November 9, 2025 by Gina +

Jump to Recipe

There’s just something about baking with olive oil in the fall that feels special — the rich aroma, the golden crumb, and that subtle fruitiness that makes every bite taste homemade. This Apple Olive Oil Cake is my cozy twist on a classic. It’s extra moist from grated Honeycrisp apple and Greek yogurt, naturally sweetened with coconut sugar, and finished with a hint of cinnamon and nutmeg.

I love this cake because it’s effortless but elegant. You only need one bowl, no mixer, and about 10 minutes to get it in the oven. It’s the kind of dessert that tastes like it came from a bakery but it’s simple enough for a weeknight bake. Perfect with your morning coffee or served warm with a drizzle of maple glaze or powdered sugar for dessert.


Main Ingredient Breakdown

Olive Oil:
The secret to a soft, moist crumb. I used a Sicilian extra virgin olive oil from Bono — it gives the cake a rich, smooth flavor without overpowering the apple. You can use any good-quality olive oil that’s mild and fruity.

Grated Honeycrisp Apple:
Fresh apple adds natural sweetness and moisture. Grate it (no need to peel) so it melts right into the batter and gives every bite a little juiciness.

Greek Yogurt:
Adds protein and keeps the cake tender while reducing the need for butter. It’s the key to that perfect bakery-style texture.

Coconut Sugar:
I love the warm caramel notes it gives this cake. You can use golden coconut sugar or regular — they’re the same thing!

Apple Cider:
Instead of milk or orange juice, apple cider deepens the fall flavor and complements the cinnamon and nutmeg.

Almond Flour + All-Purpose Flour:
The combo gives the cake a soft, delicate crumb that’s never dry. The almond flour adds richness, while the all-purpose flour gives it structure.


Ingredients

  • 1 cup (120g) all-purpose flour
  • ½ cup (50g) almond flour
  • 1 tsp baking powder
  • ½ tsp baking soda
  • ½ tsp salt
  • 1½ tsp cinnamon
  • ¼ tsp nutmeg
  • ¾ cup coconut sugar (or golden coconut sugar)
  • ½ cup extra virgin olive oil
  • ½ cup Greek yogurt (plain or vanilla)
  • 2 large eggs
  • ¼ cup apple cider (not vinegar)
  • 1 tsp vanilla extract
  • 1 grated Honeycrisp apple (about 1 heaping cup, unpeeled)
  • Optional: zest of 1 orange for brightness

For the Maple Glaze (optional):

  • ½ cup powdered sugar
  • 1–2 tsp maple syrup
  • 1–2 tsp milk, as needed

Instructions

  1. Preheat the oven to 350°F. Line an 8-inch round pan with parchment paper and lightly grease the sides.
  2. Combine dry ingredients: In a large bowl, whisk flour, almond flour, baking powder, baking soda, salt, cinnamon, and nutmeg.
  3. Mix wet ingredients: In another bowl, whisk together olive oil, coconut sugar, eggs, Greek yogurt, apple cider, vanilla, and orange zest (if using) until smooth.
  4. Add the apple: Stir in the grated apple.
  5. Combine: Add the dry ingredients to the wet and mix gently until just combined — the batter will be slightly thin, and that’s perfect.
  6. Bake: Pour into the prepared pan and bake for 35–40 minutes, or until a toothpick comes out clean and the top is golden.
  7. Cool and glaze: Let the cake cool, then drizzle with maple glaze or dust with powdered sugar.

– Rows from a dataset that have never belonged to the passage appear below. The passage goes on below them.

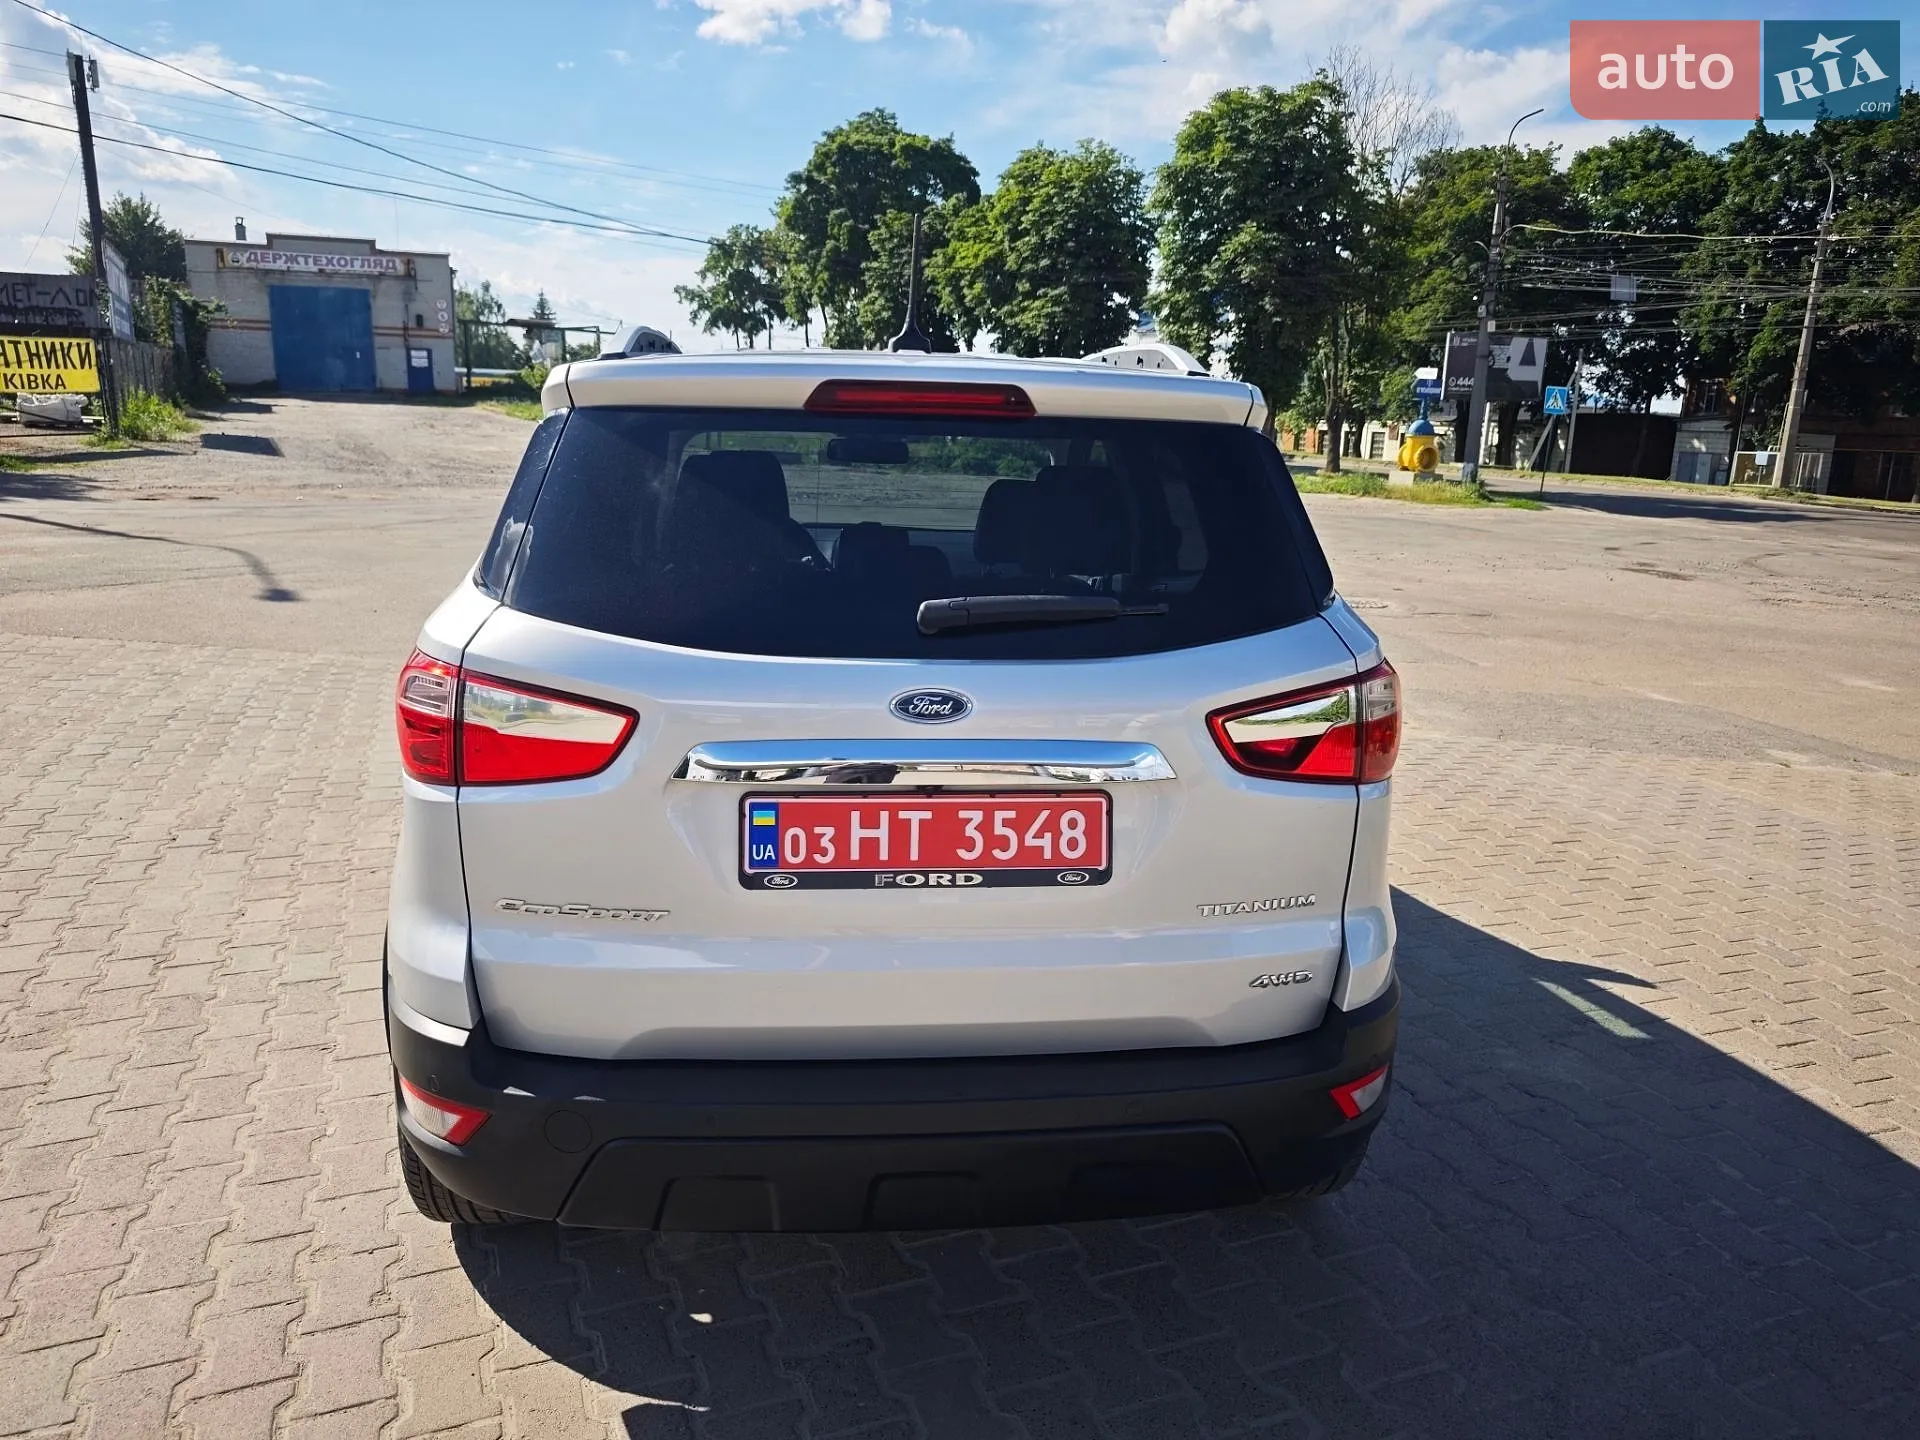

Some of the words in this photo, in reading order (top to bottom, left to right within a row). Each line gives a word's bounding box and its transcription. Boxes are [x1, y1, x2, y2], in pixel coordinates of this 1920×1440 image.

[246, 250, 397, 272] ДЕРЖТЕХОГЛЯД
[909, 695, 954, 715] Ford
[784, 826, 836, 865] 03
[850, 810, 933, 862] HT
[956, 809, 1087, 862] 3548
[752, 844, 776, 861] UA
[875, 873, 983, 886] FORD
[1197, 894, 1317, 917] TITANIUM
[1249, 970, 1313, 988] 4WD

Tips for the Best Apple Olive Oil Cake

  • Don’t overmix: Stir just until combined so your cake stays soft and tender.
  • Check for doneness: The cake should be springy in the center — not wet.
  • Use good olive oil: A mild extra virgin oil makes a big difference in flavor.
  • If the batter looks thin, don’t worry! The apple and almond flour add moisture — it bakes up perfectly.
  • Add texture: Sprinkle the top with coarse sugar or chopped almonds before baking for a light crunch.

FAQ

Can I use all all-purpose flour instead of almond flour?
Yes! Use 1½ cups (180g) all-purpose flour if you don’t have almond flour. The texture will be slightly lighter but still moist.

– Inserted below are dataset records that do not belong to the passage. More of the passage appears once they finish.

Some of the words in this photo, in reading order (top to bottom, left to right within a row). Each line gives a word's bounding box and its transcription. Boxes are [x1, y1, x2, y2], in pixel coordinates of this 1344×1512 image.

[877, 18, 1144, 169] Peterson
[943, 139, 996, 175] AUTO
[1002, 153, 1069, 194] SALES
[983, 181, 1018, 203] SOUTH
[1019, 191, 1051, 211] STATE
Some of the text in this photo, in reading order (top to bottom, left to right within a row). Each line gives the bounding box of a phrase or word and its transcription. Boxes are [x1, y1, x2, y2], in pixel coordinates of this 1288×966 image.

What kind of apple works best?
Honeycrisp is my favorite for its sweetness and structure, but Fuji, Pink Lady, or Gala also work great.

Can I make this gluten-free?
Yes — use a 1:1 gluten-free all-purpose blend in place of the regular flour and keep the almond flour.

How should I store it?
Keep the cake covered at room temperature for up to 2 days or refrigerate for up to 5 days. It actually tastes even better the next day!

Can I freeze it?
Absolutely. Wrap slices individually and freeze for up to 2 months. Defrost at room temperature and warm slightly before serving.


Apple Olive Oil Cake

Print Recipe
Prep Time 15 minutes mins
Cook Time 40 minutes mins
Servings: 0
Course: Dessert, Snack
Cuisine: American
Ingredients Method

Ingredients
  

  • 1 cup 120g all-purpose flour
  • ½ cup 50g almond flour
  • 1 tsp baking powder
  • ½ tsp baking soda
  • ½ tsp salt
  • 1½ tsp cinnamon
  • ¼ tsp nutmeg
  • ¾ cup coconut sugar or golden coconut sugar
  • ½ cup extra virgin olive oil
  • ½ cup Greek yogurt plain or vanilla
  • 2 large eggs
  • ¼ cup apple cider not vinegar
  • 1 tsp vanilla extract
  • 1 grated Honeycrisp apple about 1 heaping cup, unpeeled
  • Optional: zest of 1 orange for brightness

Method
 

Preheat the oven to 350°F.
  1. Line an 8-inch round pan with parchment paper and lightly grease the sides.
Combine dry ingredients:
  1. In a large bowl, whisk flour, almond flour, baking powder, baking soda, salt, cinnamon, and nutmeg.
Mix wet ingredients:
  1. In another bowl, whisk together olive oil, coconut sugar, eggs, Greek yogurt, apple cider, vanilla, and orange zest (if using) until smooth.
Add the apple:
  1. Stir in the grated apple.
Combine:
  1. Add the dry ingredients to the wet and mix gently until just combined — the batter will be slightly thin, and that’s perfect.
Bake:
  1. Pour into the prepared pan and bake for 35–40 minutes, or until a toothpick comes out clean and the top is golden.
Cool and glaze:
  1. Let the cake cool, then drizzle with maple glaze or dust with powdered sugar.
Tried this recipe?Let us know how it was!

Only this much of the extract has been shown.